- YOUR TASK -
Reproduce the records precisely. Omit every picture.

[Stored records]
━━━━━━━━━━━━━━━━
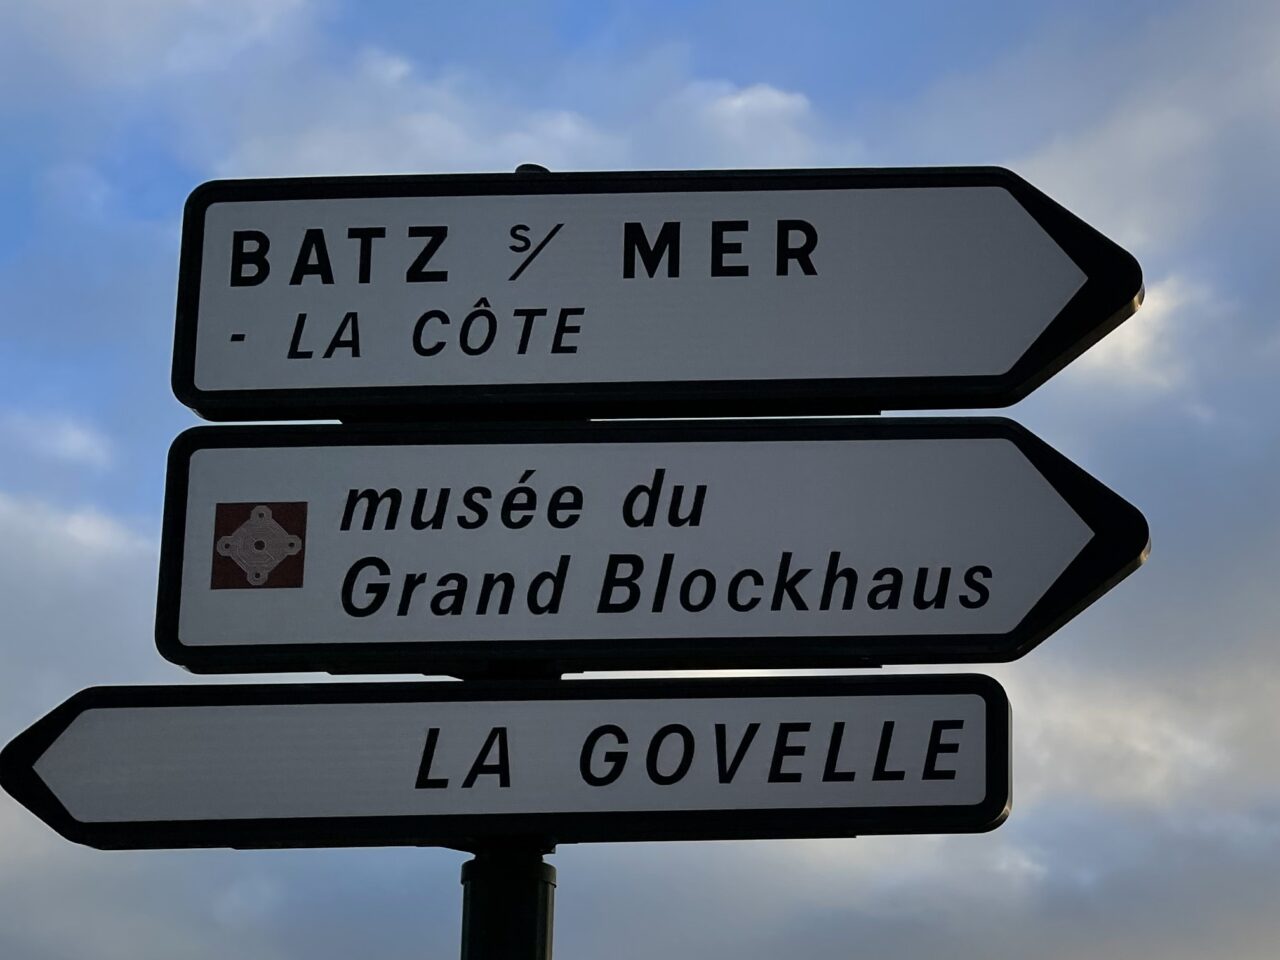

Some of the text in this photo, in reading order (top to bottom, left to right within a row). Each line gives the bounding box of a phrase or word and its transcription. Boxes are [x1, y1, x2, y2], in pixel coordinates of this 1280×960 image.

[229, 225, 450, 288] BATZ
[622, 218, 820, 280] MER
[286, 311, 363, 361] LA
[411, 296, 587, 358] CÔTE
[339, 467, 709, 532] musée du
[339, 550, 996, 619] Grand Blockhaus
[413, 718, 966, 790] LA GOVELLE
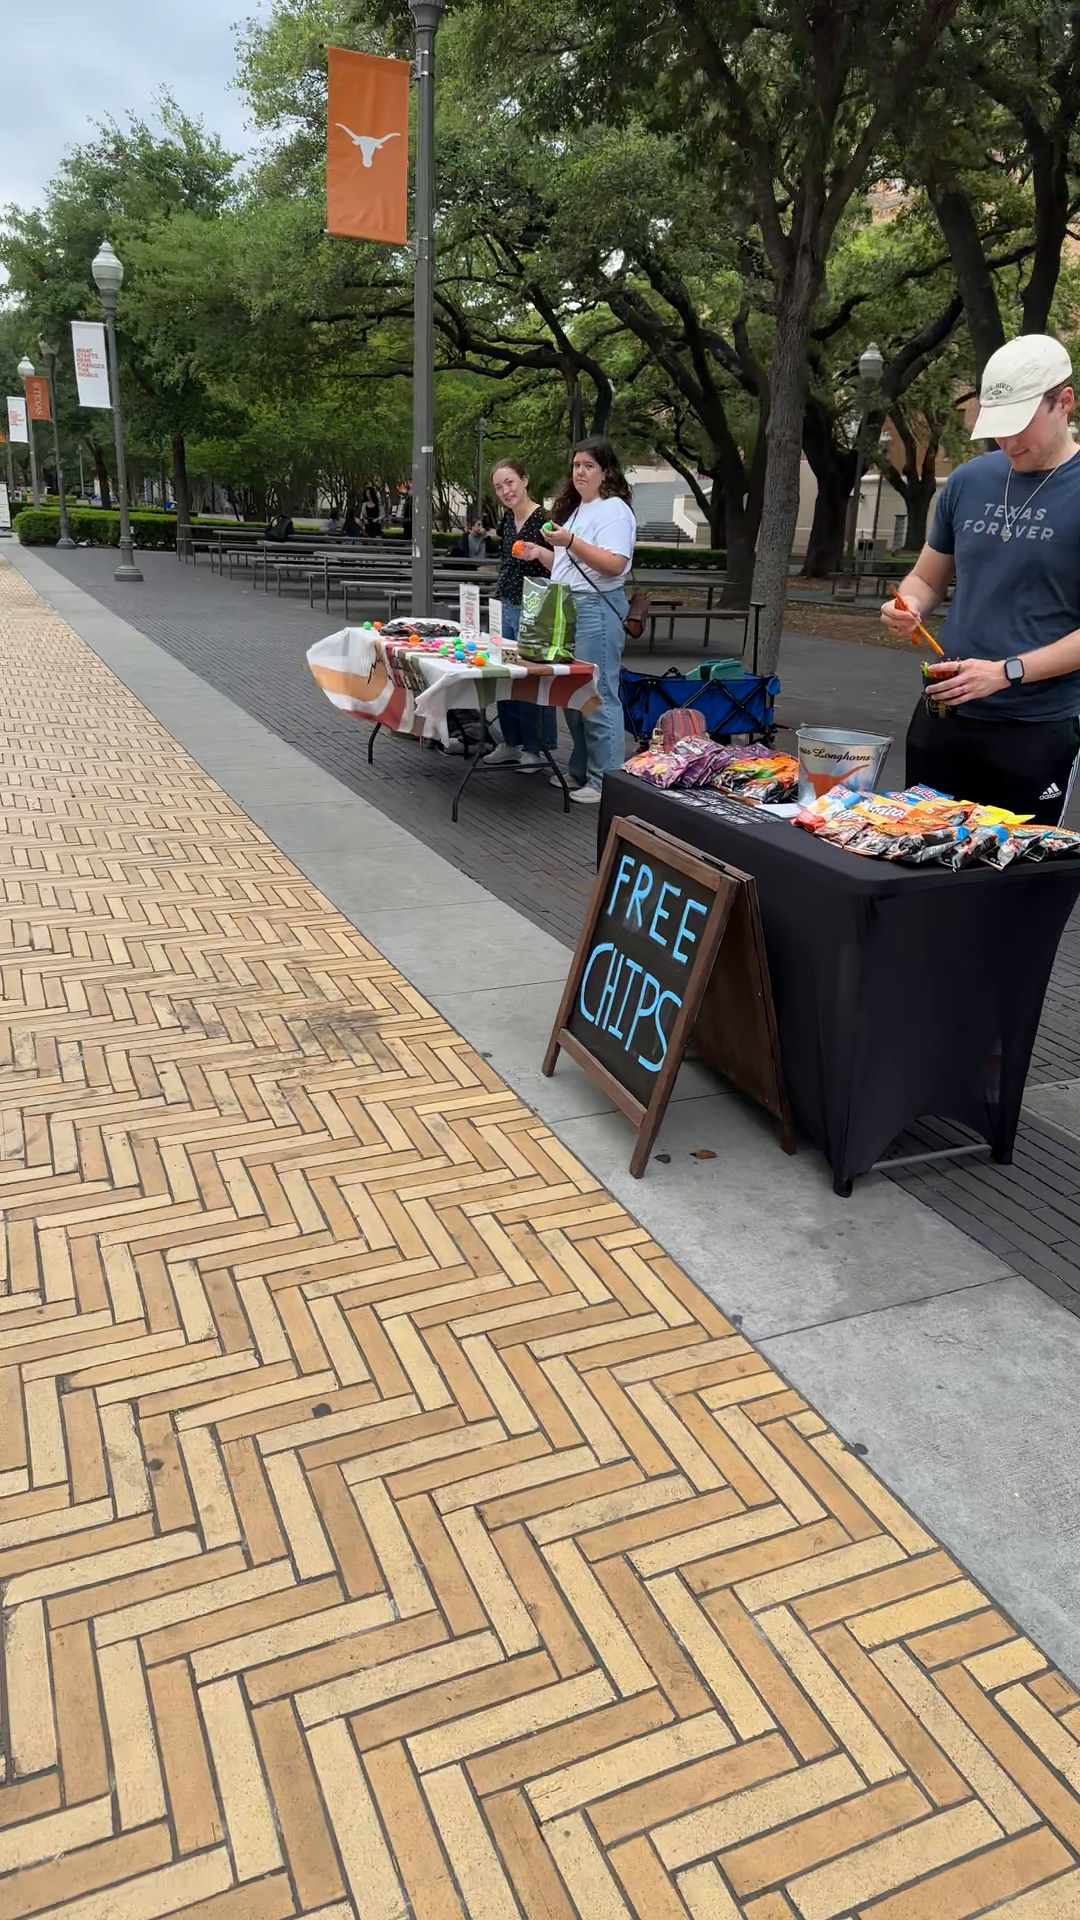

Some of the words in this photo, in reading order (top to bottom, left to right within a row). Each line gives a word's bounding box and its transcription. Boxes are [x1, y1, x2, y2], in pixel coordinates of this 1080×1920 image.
━━━━━━━━━━━━━━━━
- EXERCISE RESPONSE -
Some of the text in this photo, in reading order (top to bottom, left to right within a row). Each line gives the bounding box of a phrase or word and its transcription. Boxes are [x1, y1, x2, y2], in pixel coordinates of this 1280×960 image.

[229, 225, 450, 288] BATZ
[622, 218, 820, 280] MER
[286, 311, 363, 361] LA
[411, 296, 587, 358] CÔTE
[339, 467, 709, 532] musée du
[339, 550, 996, 619] Grand Blockhaus
[413, 718, 966, 790] LA GOVELLE

Some of the words in this photo, in reading order (top to bottom, left to right within a row). Each line gives a word's bounding box and its transcription. Boxes are [x1, y1, x2, y2], in pixel coordinates of this 1080×1920 image.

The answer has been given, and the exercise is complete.